_Problem to solve_. Write out exactly, and only, the lines from the one containing "this 1280×960 image." through the last line of the listing below.

_Records for processing_.

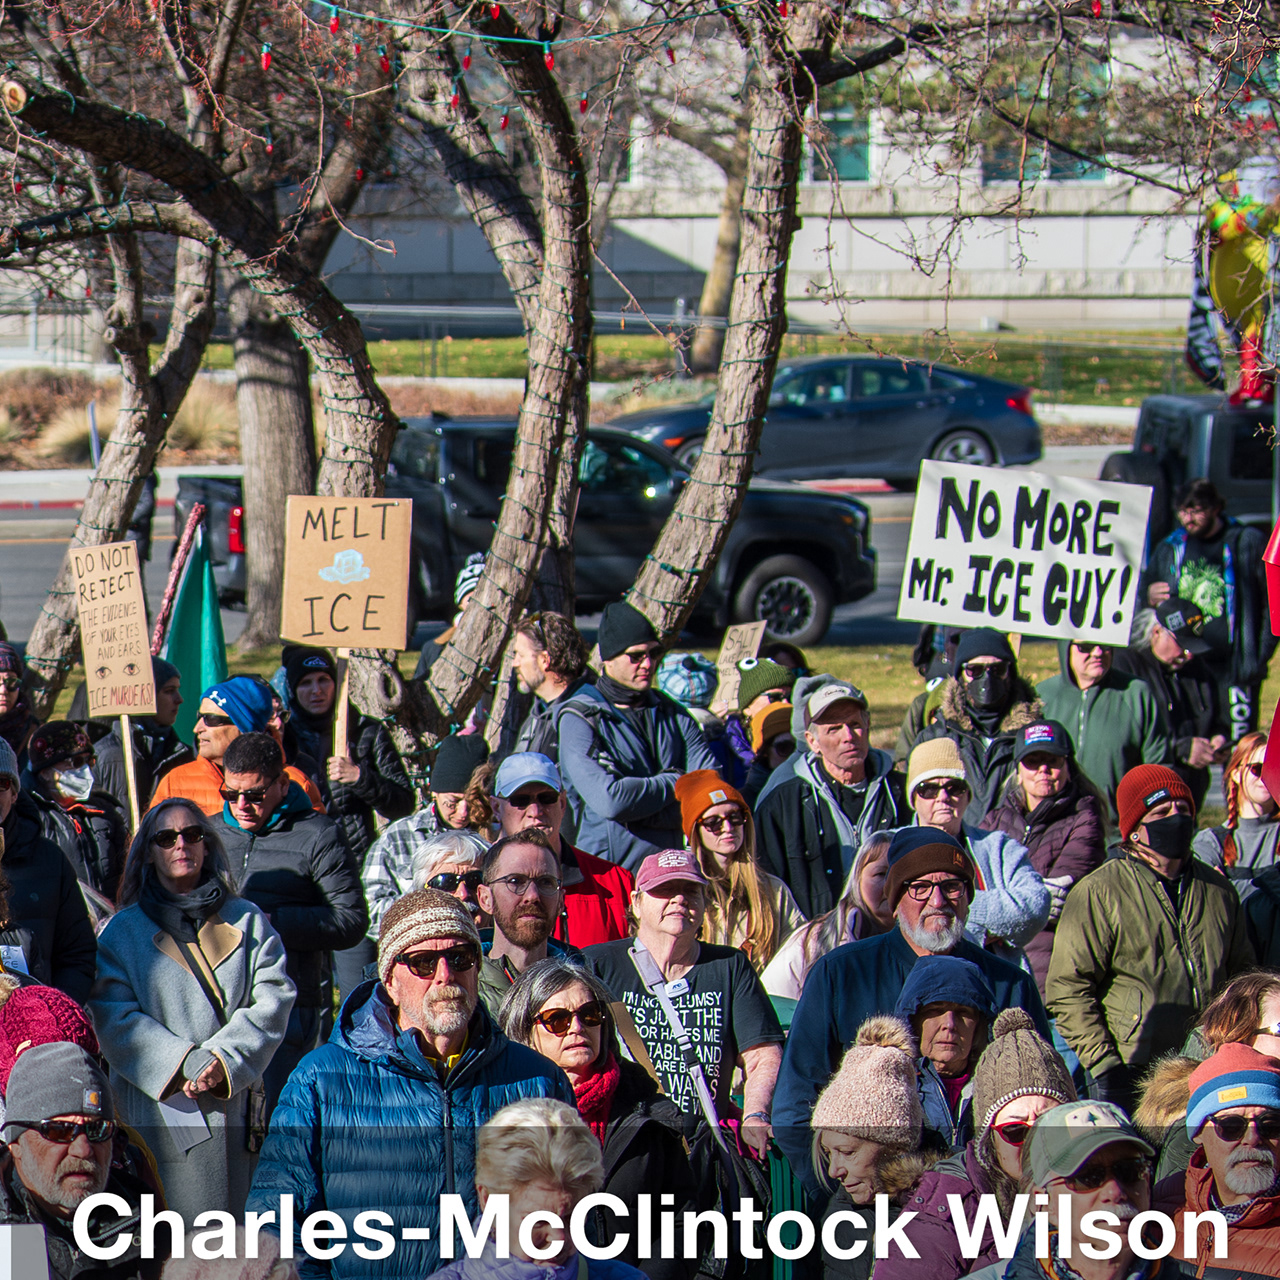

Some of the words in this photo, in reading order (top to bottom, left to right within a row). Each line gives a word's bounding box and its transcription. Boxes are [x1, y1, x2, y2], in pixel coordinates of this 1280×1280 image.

[302, 503, 399, 541] MELT
[935, 477, 1002, 543] NO
[1013, 486, 1121, 556] MORE
[75, 553, 95, 579] DO
[101, 545, 131, 571] NOT
[79, 571, 134, 606] REJECT
[908, 557, 954, 606] Mr.
[963, 555, 1034, 622] ICE
[1043, 562, 1133, 629] GUY!
[81, 607, 98, 629] THE
[302, 593, 385, 637] ICE
[84, 631, 96, 645] OF
[100, 627, 118, 645] YOUR
[120, 622, 140, 639] EYES
[726, 627, 759, 650] SALT
[98, 645, 115, 661] AND
[118, 640, 142, 658] EARS
[90, 687, 107, 711] ICE
[110, 683, 154, 707] MURDERS!
[622, 991, 639, 1006] I'M
[693, 1008, 723, 1027] THE
[655, 1061, 677, 1072] ARE
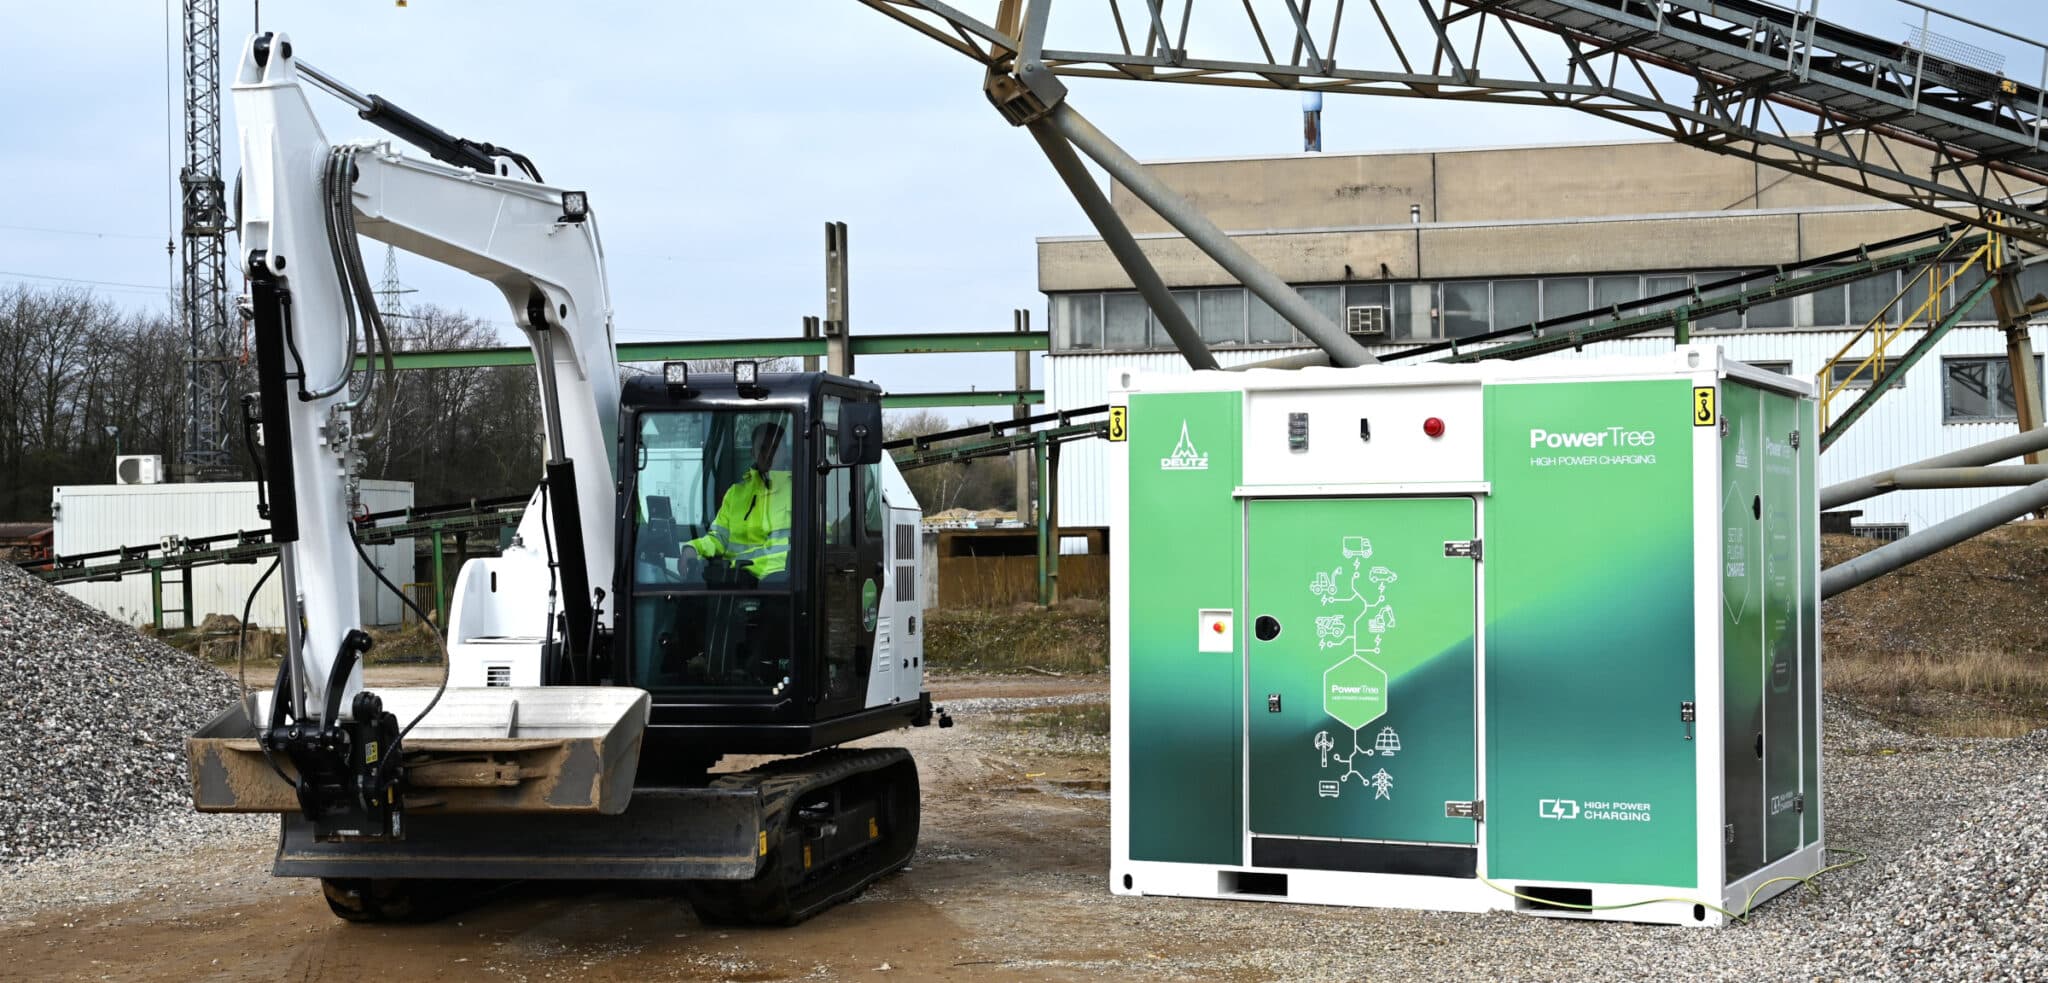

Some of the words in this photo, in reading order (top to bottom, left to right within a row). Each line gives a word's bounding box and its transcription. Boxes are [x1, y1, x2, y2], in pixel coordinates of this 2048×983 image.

[1530, 426, 1655, 448] PowerTree
[1161, 457, 1208, 467] DEUTZ
[1530, 457, 1556, 467] HIGH
[1558, 455, 1598, 466] POWER
[1600, 454, 1656, 465] CHARGING
[1584, 801, 1610, 810] HIGH
[1613, 802, 1651, 811] POWER
[1584, 810, 1651, 822] CHARGING
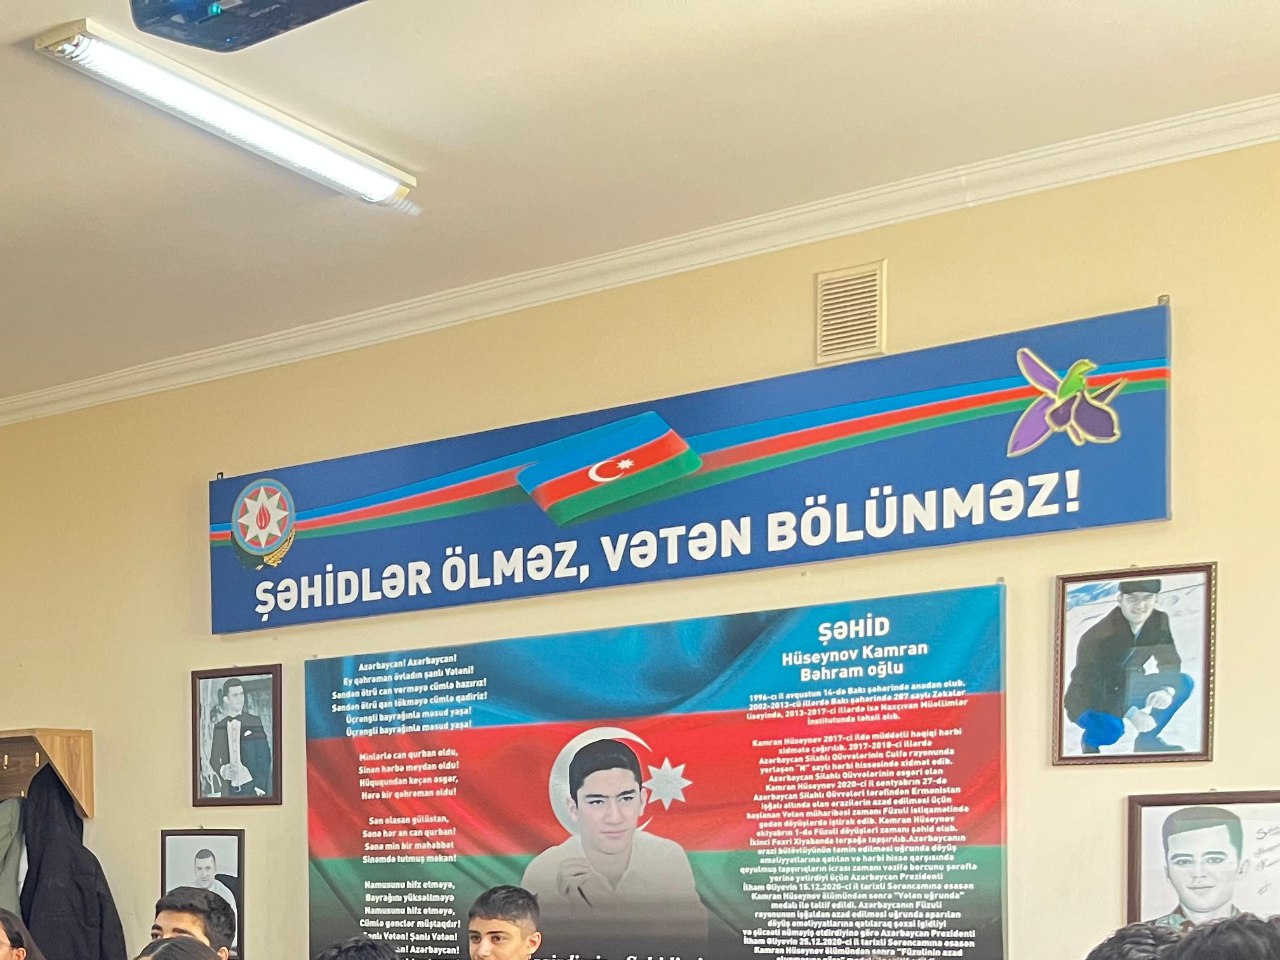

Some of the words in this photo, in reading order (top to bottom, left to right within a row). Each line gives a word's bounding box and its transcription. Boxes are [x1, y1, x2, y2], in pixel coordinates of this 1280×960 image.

[255, 561, 432, 622] ŞƏHİDLƏR
[442, 540, 590, 591] ÖLMƏZ,
[600, 516, 751, 573] VƏTƏN
[767, 468, 1080, 552] BÖLÜNMƏZ!
[818, 612, 890, 646] ŞƏHİD
[782, 649, 858, 667] Hüseynov
[863, 642, 928, 660] Kamran
[800, 666, 863, 682] Bəhram
[867, 661, 904, 680] oğlu

_Solution_.
Some of the words in this photo, in reading order (top to bottom, left to right within a row). Each line gives a word's bounding box and its transcription. Boxes are [x1, y1, x2, y2], in pixel coordinates of this 1280×960 image.

[255, 561, 432, 622] ŞƏHİDLƏR
[442, 540, 590, 591] ÖLMƏZ,
[600, 516, 751, 573] VƏTƏN
[767, 468, 1080, 552] BÖLÜNMƏZ!
[818, 612, 890, 646] ŞƏHİD
[782, 649, 858, 667] Hüseynov
[863, 642, 928, 660] Kamran
[800, 666, 863, 682] Bəhram
[867, 661, 904, 680] oğlu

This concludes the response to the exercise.